The Story of The Lady Fatemah Trust
The Lady Fatemah Charitable Trust was formed in 1997 when the founder, Amirali G. Karim, who had a history of charitable activity in his native country, Kenya realised the vision of a different way of serving humanity.
At the core of his vision was a desire to ensure that charities were accountable and their work was sustainable, empowering and replicable. He was strongly against fostering dependency and felt that however the intervention takes place whether through education, healthcare or microfinance, beneficiaries should go from being a net recipient of charity to a net donor of charity.
He applied this vision and grew the Trust from $5,000 donation from his own business to being trusted by friends, acquaintances and complete strangers to disburse over $20,000,000 by the time he died in 2018. He passionately applied these principles on over 19 countries across Africa, Asia and the Middle East.

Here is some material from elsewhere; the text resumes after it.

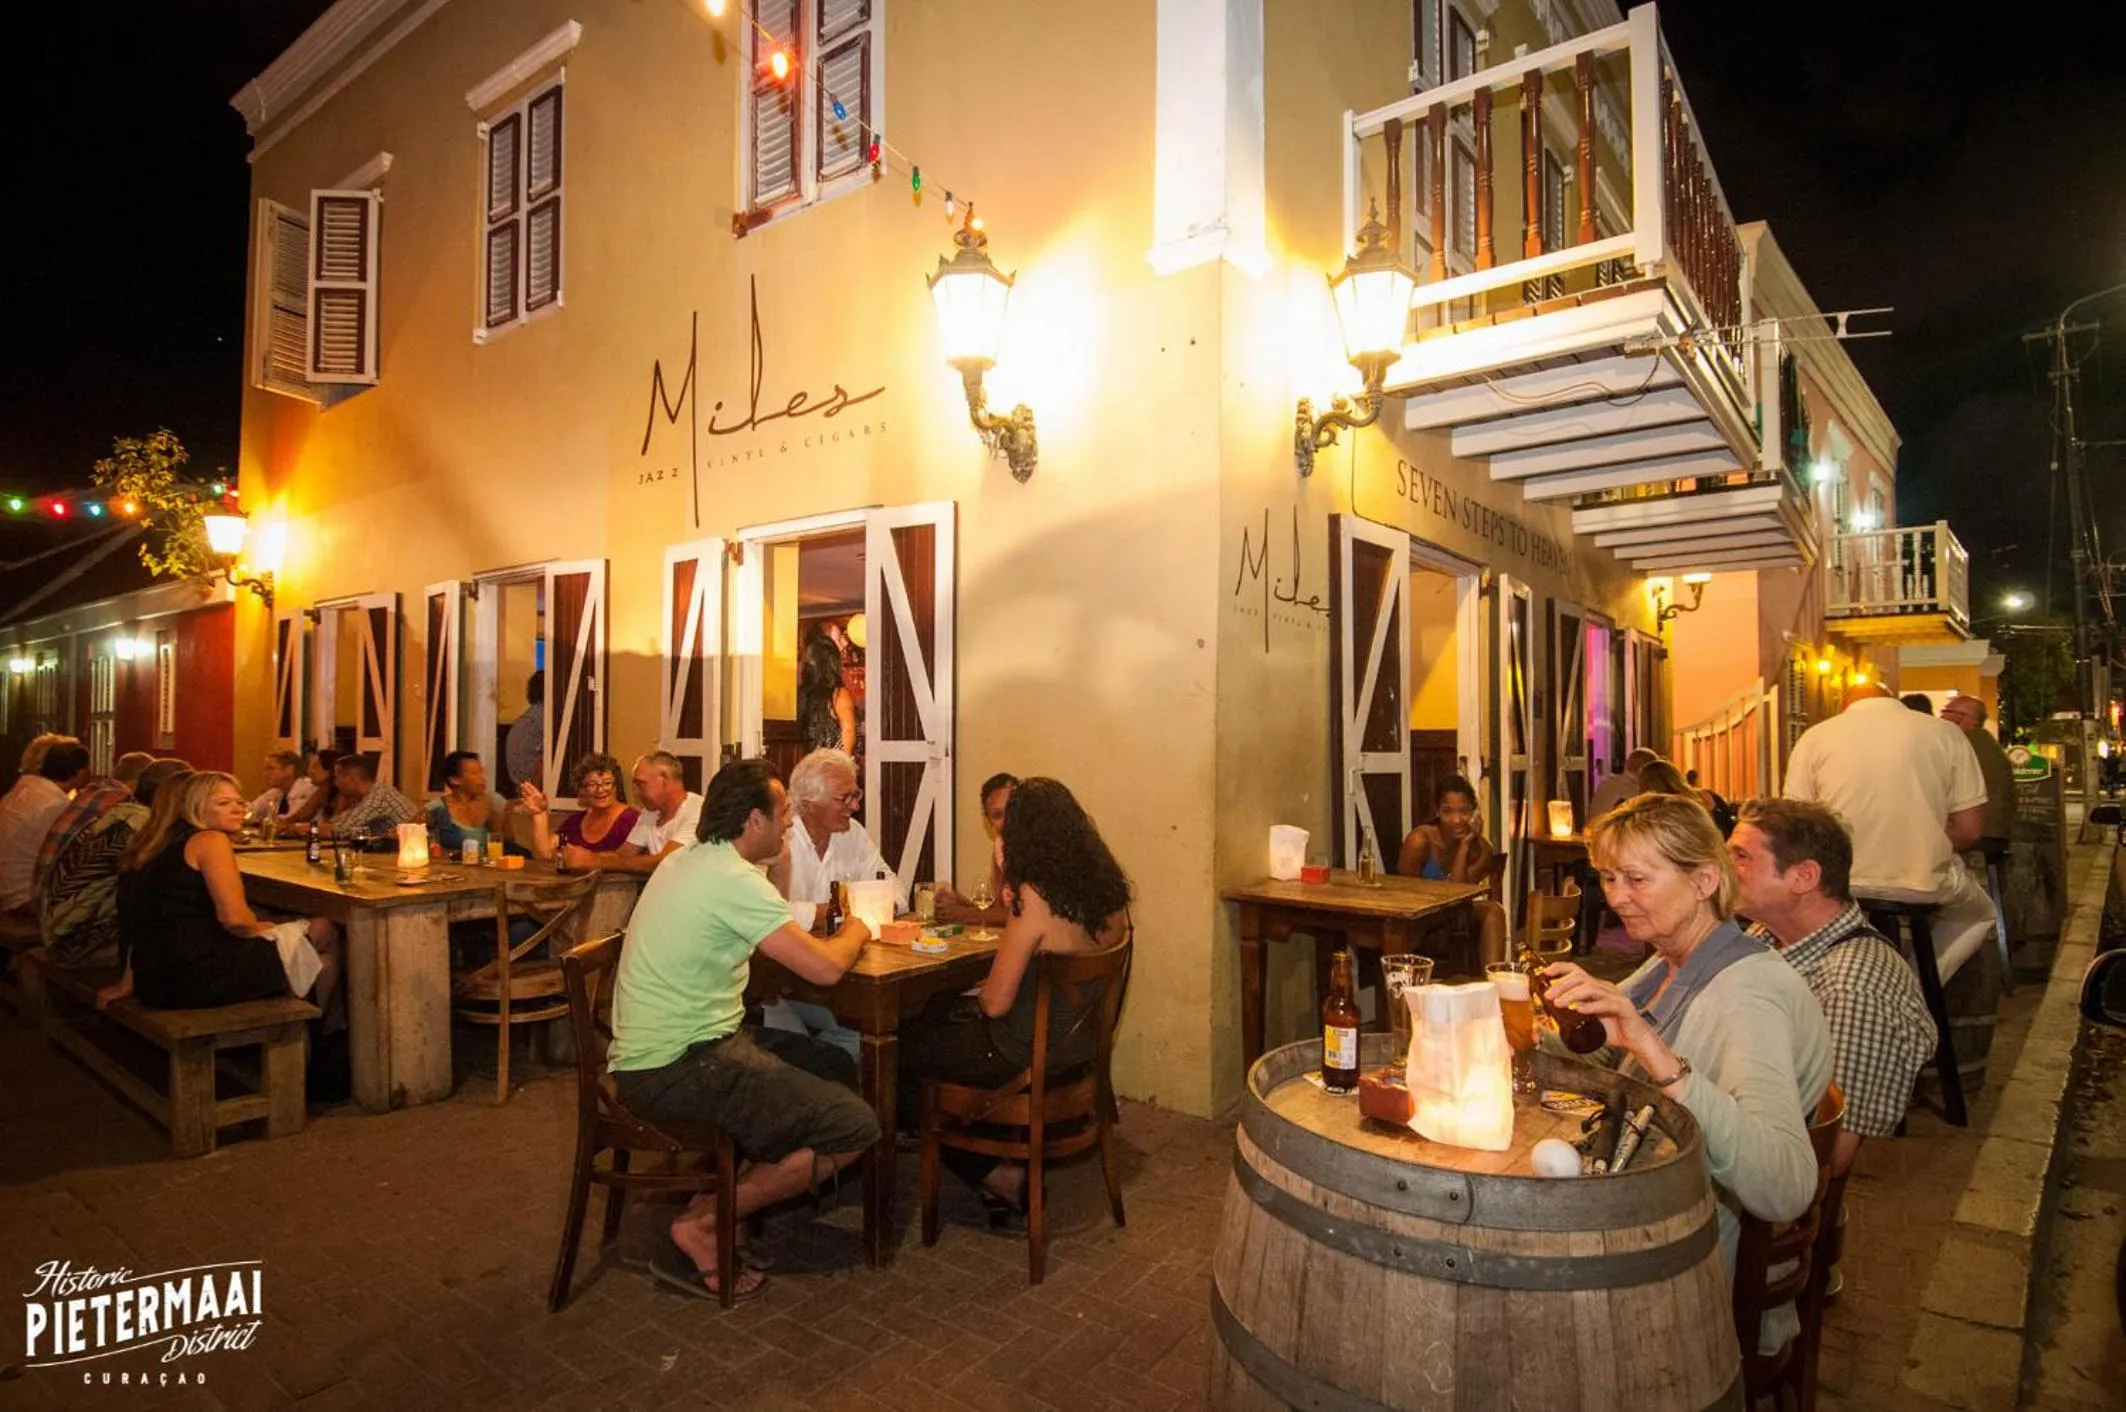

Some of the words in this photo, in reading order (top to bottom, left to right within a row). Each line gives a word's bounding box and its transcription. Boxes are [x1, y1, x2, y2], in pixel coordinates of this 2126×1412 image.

During his lifetime, he touched over 1,000,000 lives. Tens of thousands of communities in the poorest regions were given safe access to water, thousands of children facilitated with access to education, hundreds of sick people were given access to treatment at very low or no cost and many widowed mothers and their orphaned children took up the opportunity to earn a living. The work of the Trust is inspired by our faith in God and this inspires us to serve His creation in humanity regardless of their belief, race or gender.
After Amiral G. Karim’s short battle with cancer ended his life in 2018, the Trust continues to expand and build upon on this legacy. Reflecting on the past two decades, it has become clear that the Trust’s work with women is vital if whole communities are to be empowered to transform their life chances.
With women and in particular, mothers at the nucleus of the family unit, the LFCT entered a pledge in January 2020. The Million Mothers pledge on 1 January 2020 is a decade-long plan of action to empower mothers in these countries through five concrete strands of action.
It is no coincidence that the Trust is named after one of the most famous mothers in history whose work with her father, husband and children embodied female leadership in a patriarchal society and stood for the survivors of oppression and injustice empowering them to voices of change, ambassadors of virtue and bringers of change in their societies.
Through alignment with the UN’s Sustainable Development Goals and building alliances with experts in each field, the LFT hopes to not only meet but exceed this target, notwithstanding the very different start to the decade that we have had!